Case Note: Mechanic awarded $1 million following motorbike incident on farm – Antaw v Valks [2023] NSWSC 310 

The NSW Supreme Court has recently found in favour of a mechanic who sustained a traumatic brain injury as a result of a motorbike incident on a farm.  


On 4 October 2017, the Plaintiff attended a farm owned by the Defendant, whom was a friend of the Plaintiff, in order to undertake maintenance on a motorcycle. The service was completed, and the Plaintiff rode it to test the work that had been performed. Further adjustments were required, which were completed prior to the Plaintiff undertaking another test ride. The Plaintiff was riding along a dirt road, at between twenty (20) and thirty (30) kilometres per hour, when the back wheel of the motorcycle locked, throwing the Plaintiff over the handlebars. The Plaintiff was not wearing a helmet and landed on his head.  

It transpired that the locking of the back wheel of the motorcycle had been caused by the Plaintiff riding over a metal plough disc, which then rose and became lodged between the mudguard and the rear wheel. The plough disc had been deliberately placed by the Defendant’s children for use when cycling.  

The Plaintiff was diagnosed as suffering a severe traumatic brain injury consequent to the incident by the rehabilitation director of John Hunter Hospital, with a high probability of ongoing cognitive and behavioural impairments. Dr Fearnside subsequently opined that the Plaintiff was suffering a 40% whole person impairment. Further evidence was adduced that supported the premise that the Plaintiff had suffered a Major Neurocognitive Disorder of mild to moderate severity, as well as post-traumatic stress disorder and major depression.  


The Defendant did not participate in the proceeding, despite the court being satisfied that they were aware of same, with default judgment being entered against them on 12 August 2022.  

The Supreme Court awarded damages in the sum of $1,037,523.83. Despite a motor vehicle being involved in the circumstances of the incident, the court opined that the claim did not arise from “the death of or injury to a person caused by the fault of the owner or driver of a motor vehicle in the use or operation of the vehicle.” As such, the assessment of damages was governed by the Civil Liability Act 2002 (NSW).  

The court opined that the Plaintiff’s dominant injury was that injury to his head.

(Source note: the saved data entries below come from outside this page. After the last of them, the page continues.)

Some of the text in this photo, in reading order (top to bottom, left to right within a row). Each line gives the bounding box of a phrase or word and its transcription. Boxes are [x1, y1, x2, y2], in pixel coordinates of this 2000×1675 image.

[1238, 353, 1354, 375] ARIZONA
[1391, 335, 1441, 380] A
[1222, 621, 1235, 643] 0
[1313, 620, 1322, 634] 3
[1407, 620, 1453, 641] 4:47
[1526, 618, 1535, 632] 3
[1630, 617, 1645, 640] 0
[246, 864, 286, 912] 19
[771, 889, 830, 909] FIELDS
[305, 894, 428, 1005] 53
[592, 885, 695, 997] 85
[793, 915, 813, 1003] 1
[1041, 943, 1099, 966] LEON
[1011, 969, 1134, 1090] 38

A finding of contributory negligence, referrable to the Plaintiff’s failure to wear a helmet, was not open to the court, as the Defendant had not played any part in the proceedings and there was therefore no submissions made with respect to contributory negligence.  

The Plaintiff submitted that non-economic loss should be assessed at 50% of a most extreme case. The court opined that, but for that submission, non-economic loss would have been assessed at 55% or 60%. Given there were no counter-submissions on non-economic loss, the court did not consider it appropriate to award an amount exceeding that which was sought by the Plaintiff. 

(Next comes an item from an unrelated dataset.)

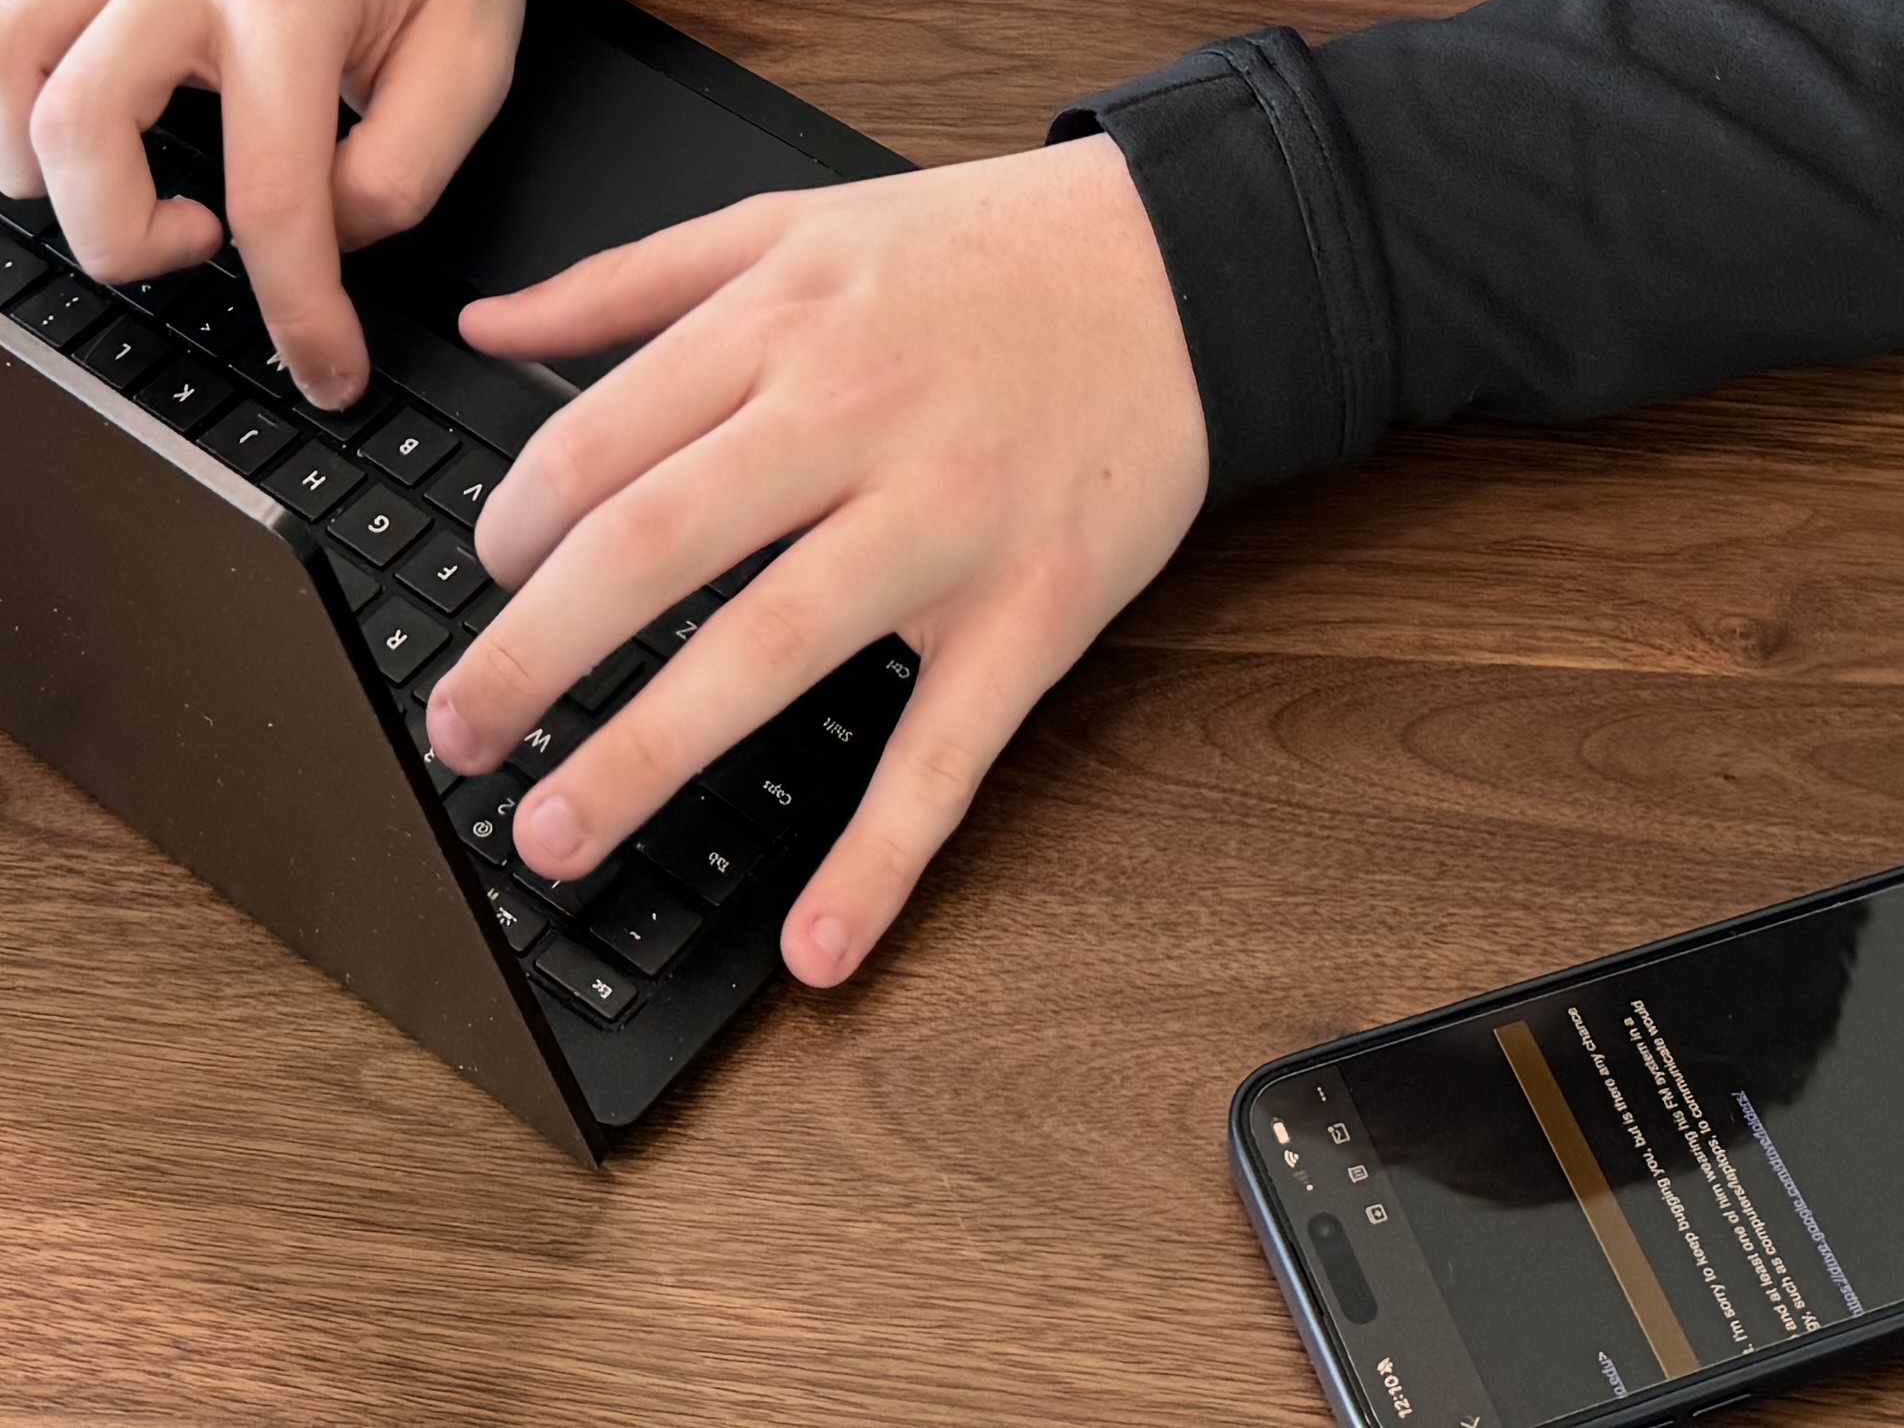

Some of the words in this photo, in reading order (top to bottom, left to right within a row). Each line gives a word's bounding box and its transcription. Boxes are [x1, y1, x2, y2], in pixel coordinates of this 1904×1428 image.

Awards for past and future economic loss were made in the sum of $114,400.00 and $78,710.00 respectively, with the court unconvinced that the Plaintiff would have maintained heavy manual employment to the age of 70 as claimed. Consequent awards were made for losses of past and future superannuation benefits.  

A significant award, in the sum of $404,968.14, was made for future domestic and care assistance, with the Plaintiff’s occupational therapist evidence regarding his future needs being unchallenged given the lack of participation in the proceeding by the Defendant. There were also awards made by the court for past and future medical expenses.